No caso da criança do Lapedo, Christopher Zollikofer e Marcia Ponce de Léon começaram por usar imagens tridimensionais dos crânios de duas crianças, que permitiram quantificar a relação entre o esqueleto e os tecidos moles. Em seguida, combinaram essa informação para ter uma morfologia média, resultando assim uma criança virtual. Partindo do pressuposto de que existia a mesma relação entre o osso e os tecidos moles da criança do Lapedo, um programa informático revestiu o crânio com os supostos músculos, gordura e pele para chegar ao rosto.

Mas foram mais longe do que a reconstituição do crânio da criança do Lapedo, e fabricaram três réplicas reais. Uma virá para Portugal, informa João Zilhão. A passagem do crânio virtual a real também foi comandada pelo computador, em que um laser fabrica um protótipo numa resina acrílica translúcida.
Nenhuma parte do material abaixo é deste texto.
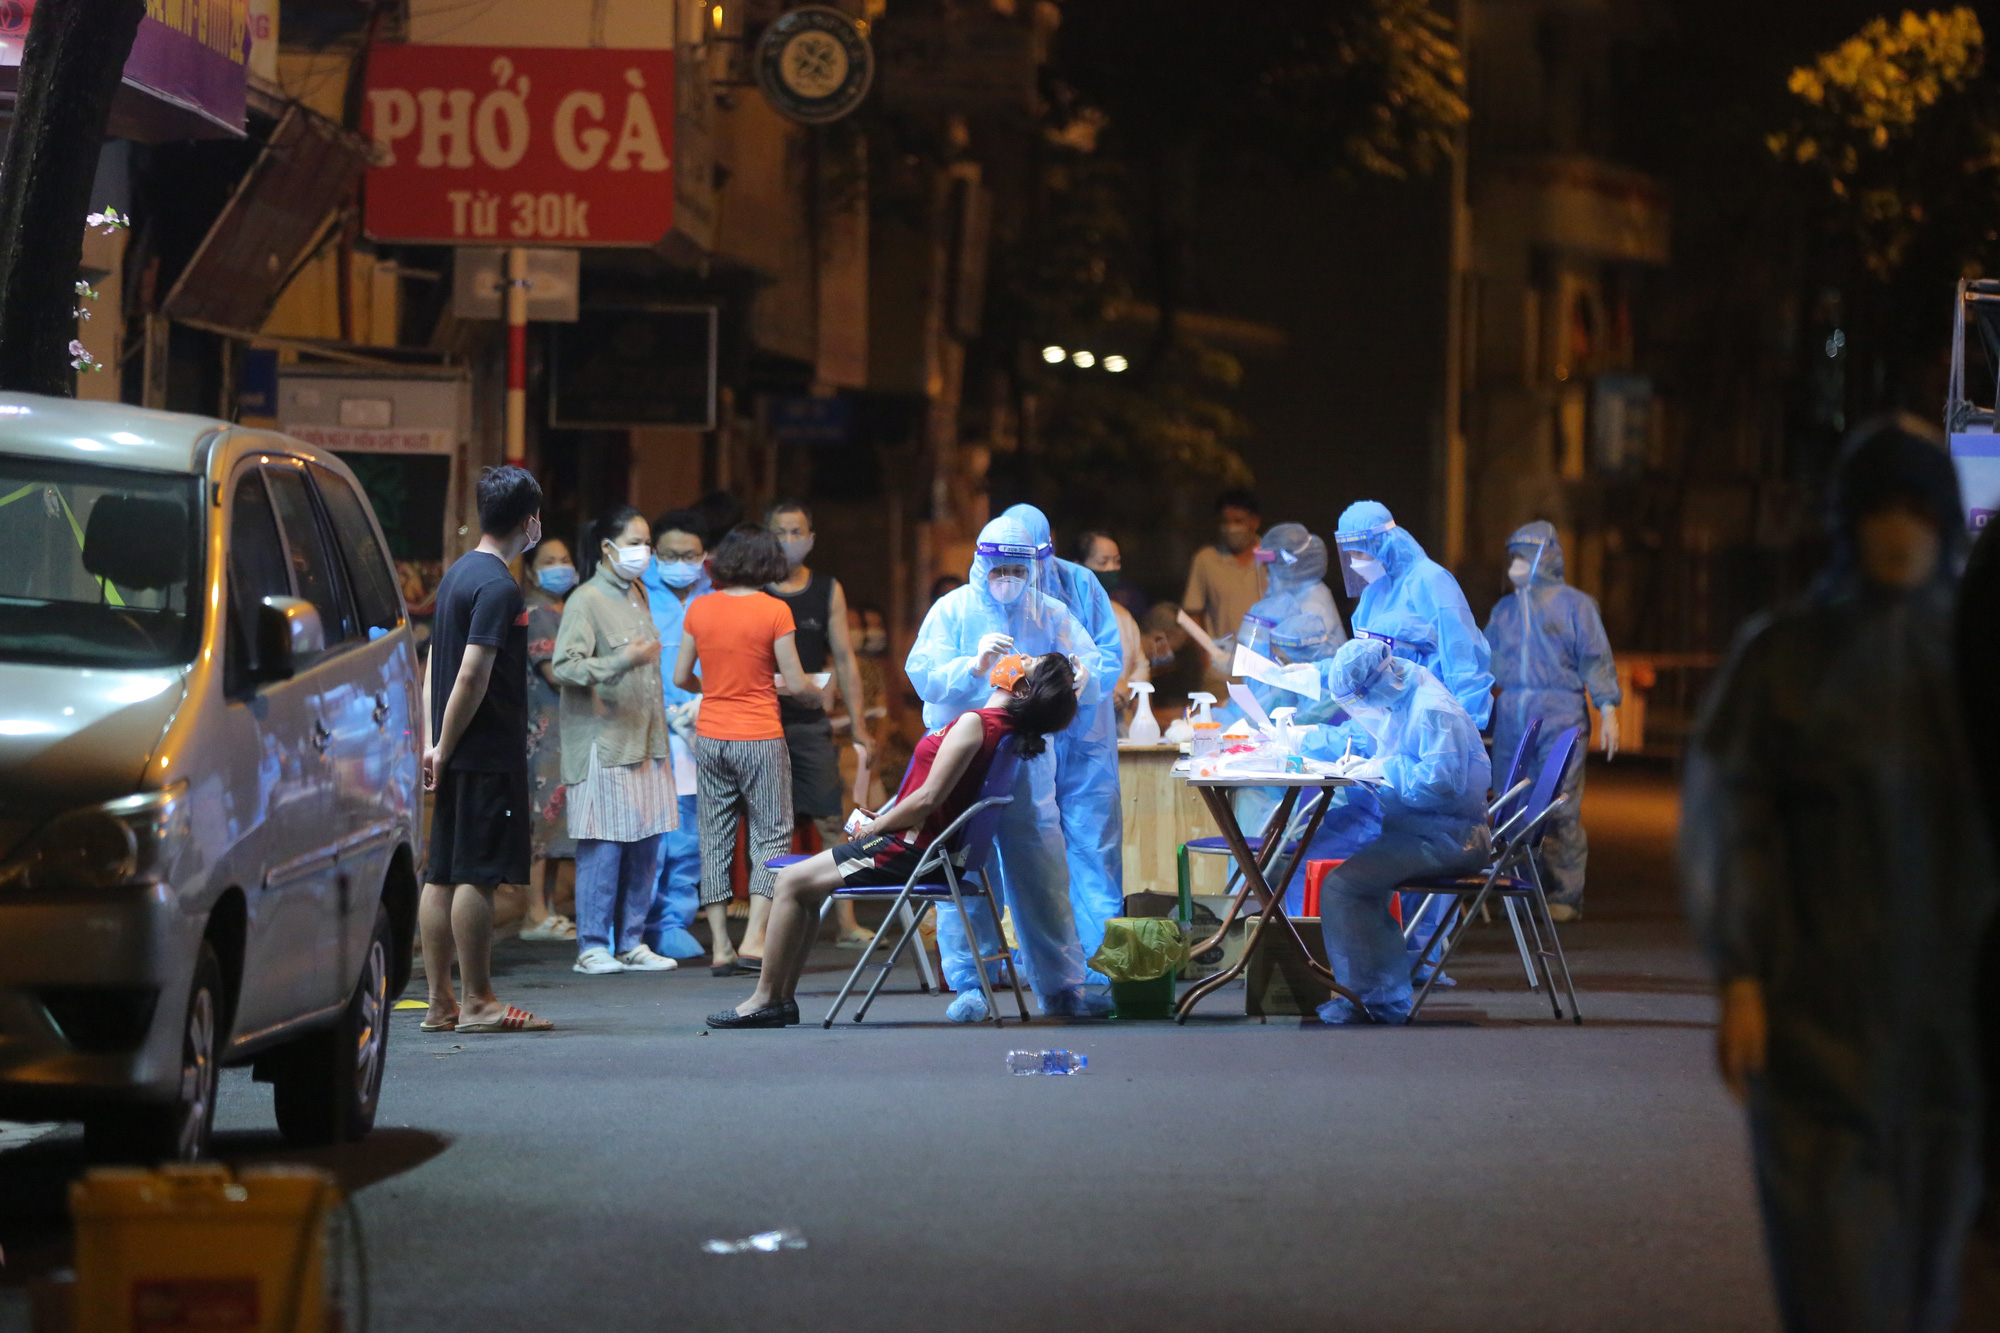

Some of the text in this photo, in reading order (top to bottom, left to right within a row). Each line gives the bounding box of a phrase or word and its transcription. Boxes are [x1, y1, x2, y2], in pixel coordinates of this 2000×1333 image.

[367, 56, 670, 171] PHỞ GÀ
[447, 189, 589, 238] Từ 30k
É nesta parte que termina a ciência e começa a imaginação. O documentário da Anglia, produzido e realizado por Trevor Showler, revela uma ilustração da cara da criança do Lapedo, primeiro de olhos fechados e depois abertos. São castanhos claros, tal como os cabelos. "A ilustração da criança usa meticulosamente a reconstrução científica no computador. As forma do rosto, do nariz e dos maxilares são, tanto quanto possível, cientificamente rigorosas. O tom da pele, a cor e tamanho dos cabelos apenas podem ser presumidos", diz ao PÚBLICO Trevor Showler.

Será que Christopher Zollikofer e Marcia Ponce de Léon também acham que a ilustração não se afasta do que dizem os ossos? "De facto, pode estar muito perto da realidade. Porém, cada reconstituição artística introduz muitos conceitos artísticos, consciente ou inconscientemente, no resultado final", dizem.
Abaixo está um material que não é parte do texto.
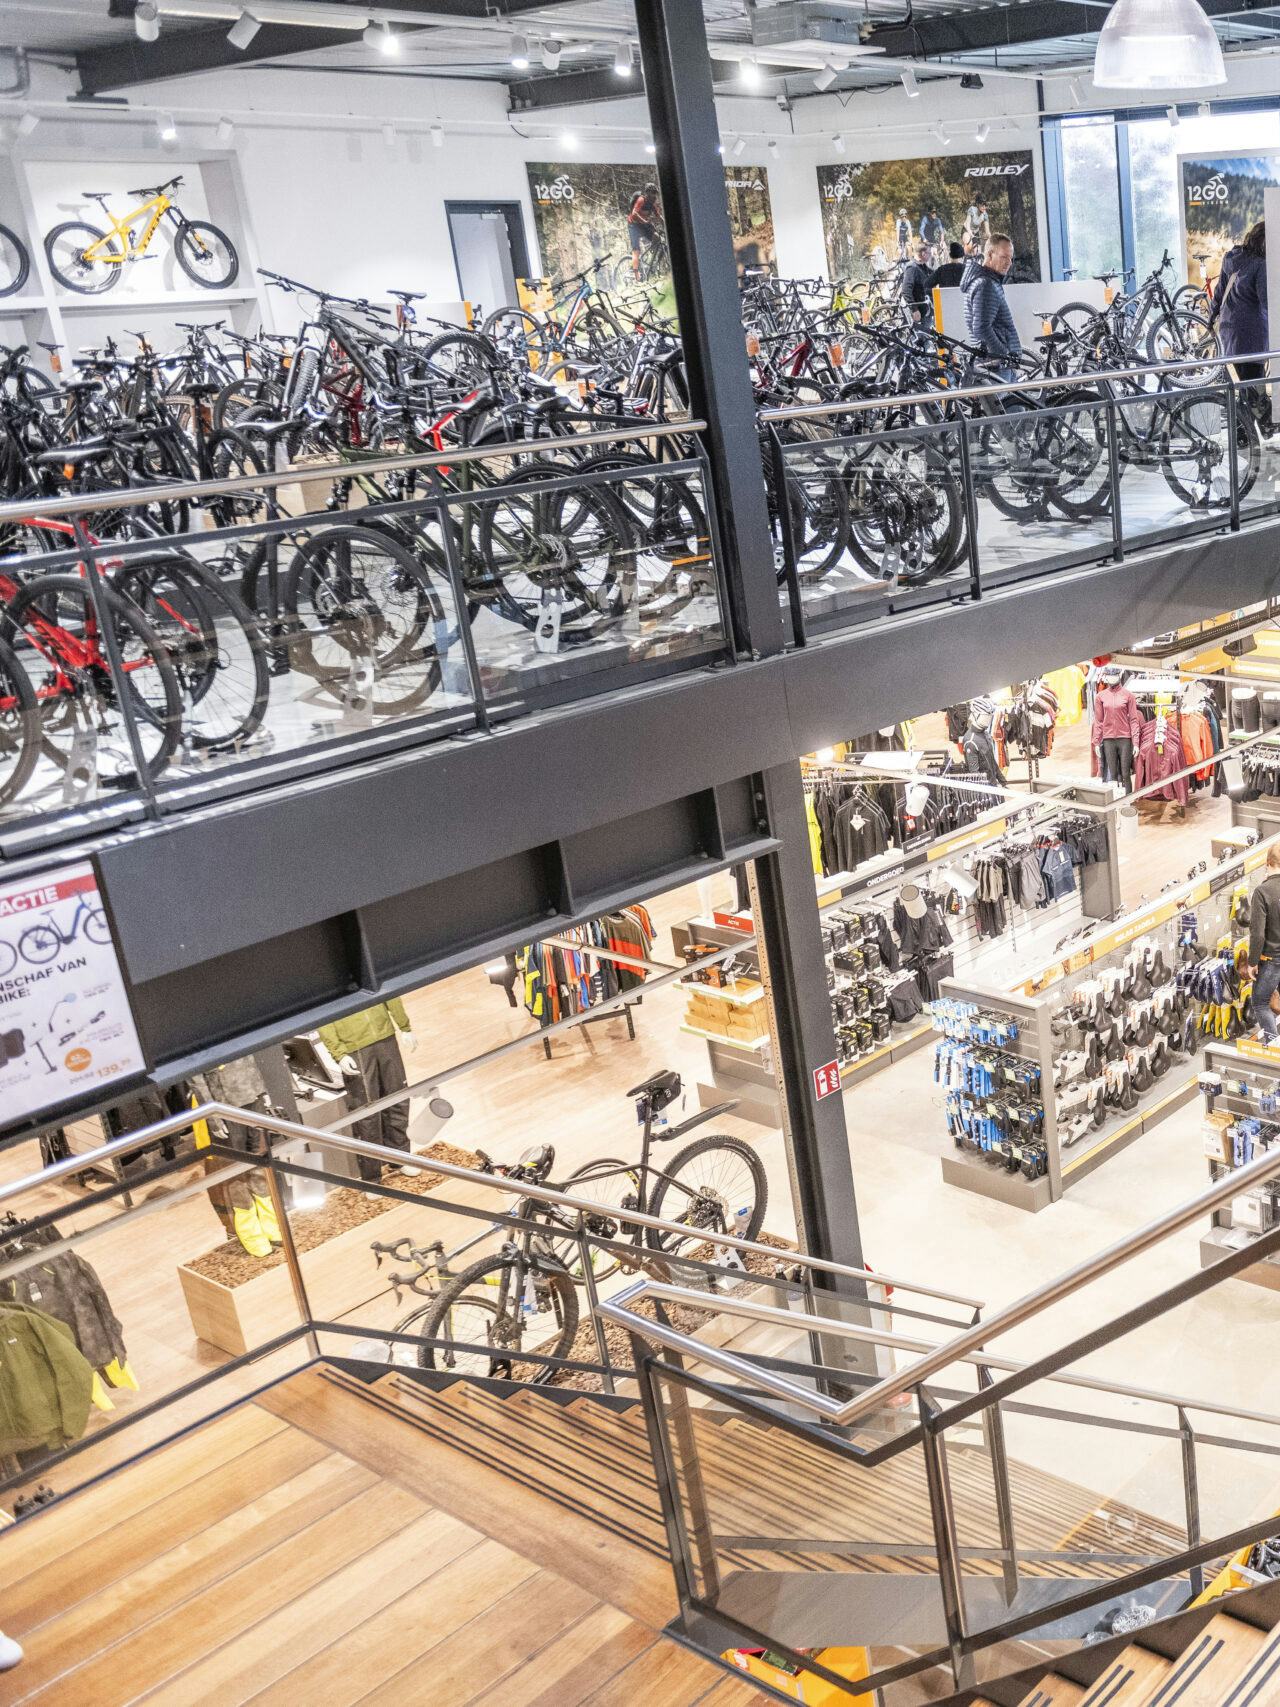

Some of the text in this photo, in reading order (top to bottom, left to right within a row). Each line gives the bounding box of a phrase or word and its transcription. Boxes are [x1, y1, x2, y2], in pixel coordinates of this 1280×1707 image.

[963, 164, 1030, 178] RIDLEY
[534, 184, 575, 200] 12GO
[1187, 184, 1229, 201] 12GO
[866, 867, 904, 887] ONDERGOED
[0, 886, 59, 916] ACTIE
[57, 957, 87, 974] VAN
Por sinal, a criança parece triste, pela expressão dura da boca. "Na altura, não tivemos consciência de que a criança tinha uma cara triste. Pensámos que era uma expressão neutra apropriada", afirma Trevor Showler.
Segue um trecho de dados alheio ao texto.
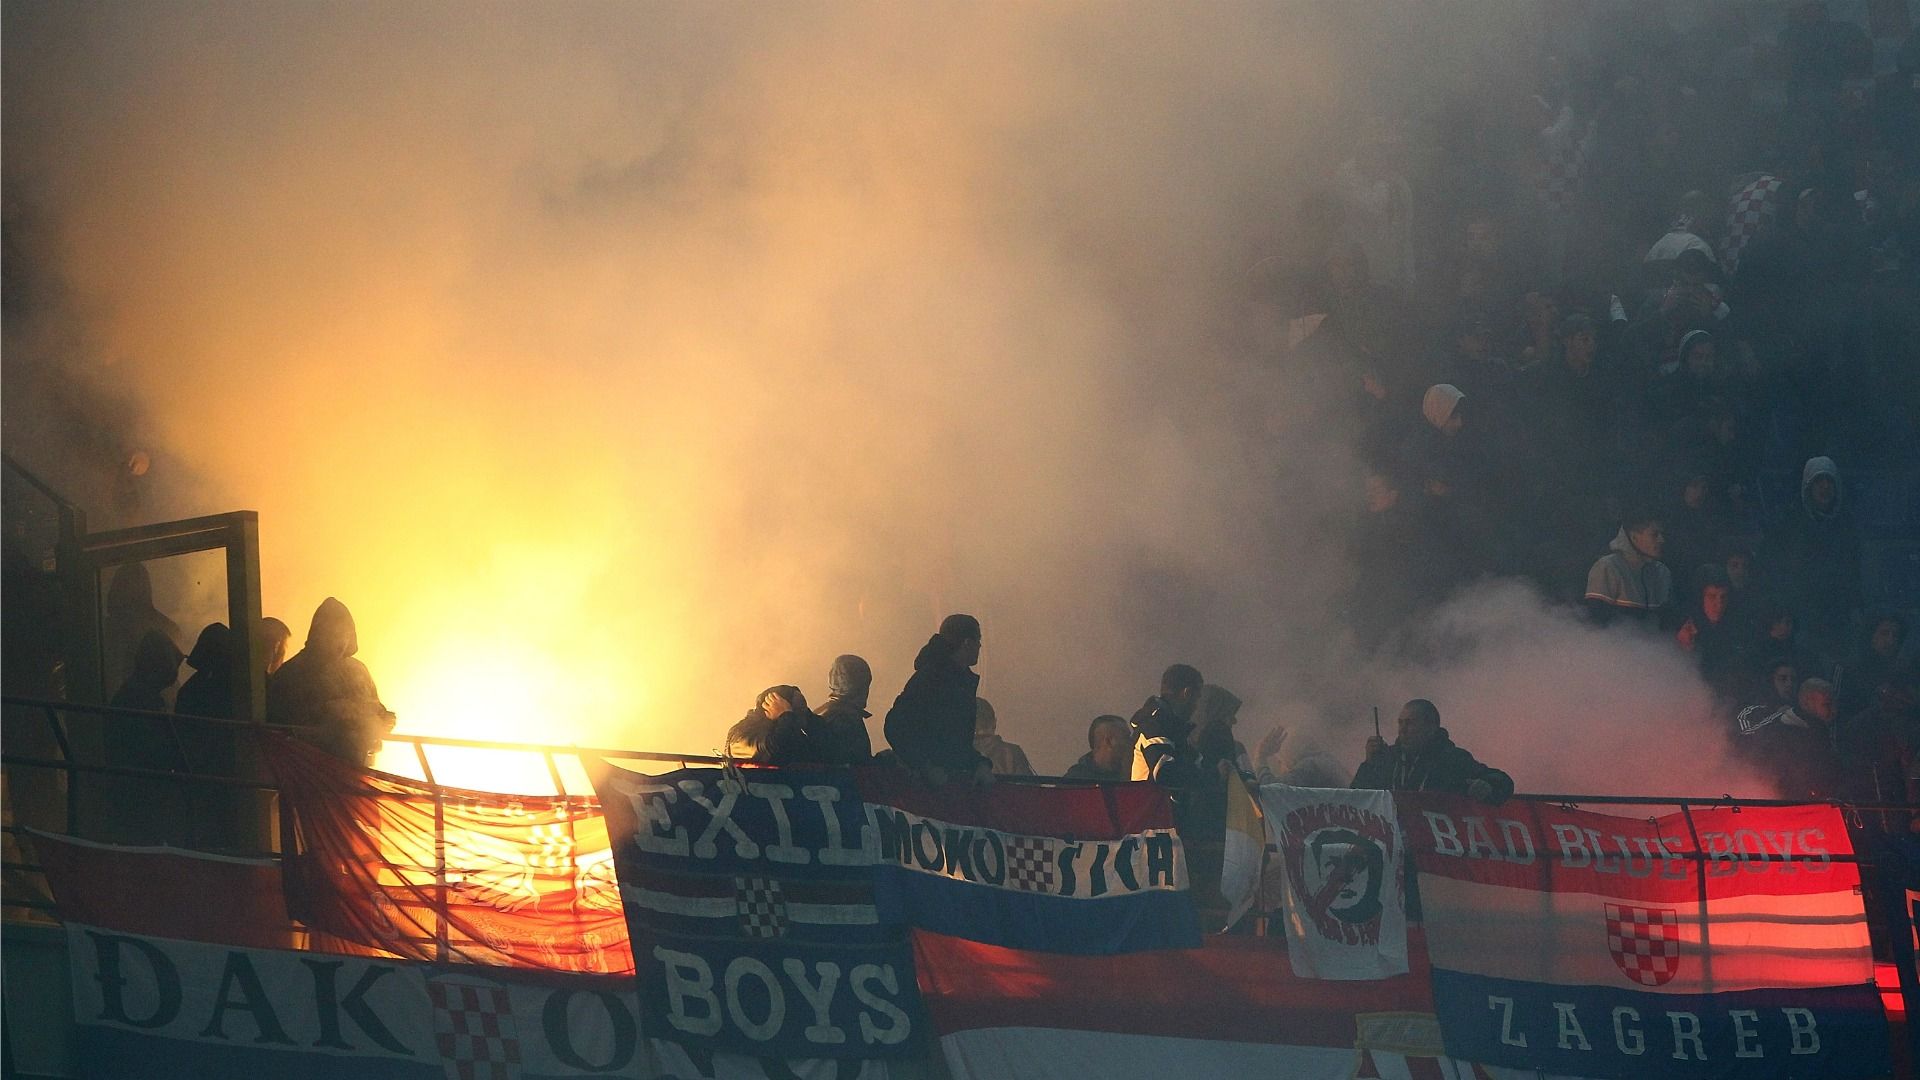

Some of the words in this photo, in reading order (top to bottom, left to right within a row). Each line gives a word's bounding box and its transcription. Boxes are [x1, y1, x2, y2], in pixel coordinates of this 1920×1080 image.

[609, 778, 878, 866] EXIL
[1422, 810, 1536, 866] BAD
[1551, 823, 1688, 881] BLUE
[1703, 828, 1831, 878] BOYS
[652, 944, 911, 1044] BOYS
[1488, 995, 1822, 1061] ZAGREB
"Devia estar a pensar no enigma dos neandertais. Como é um problema complicado, está sorumbática", brinca João Zilhão. Ao tom brincalhão do investigador subjaz, porém, uma questão mais séria sobre a evolução humana: o desaparecimento do homem de Neandertal, há 28 mil anos na Península Ibérica, e a sua relação com os homens modernos, a espécie a que pertencia a criança do Lapedo e a nossa própria. Será que se cruzaram e esta criança é um descendente híbrido, que prova isso mesmo? A narradora do documentário deixou uma pergunta: "É esta a cara de uma criança híbrida?".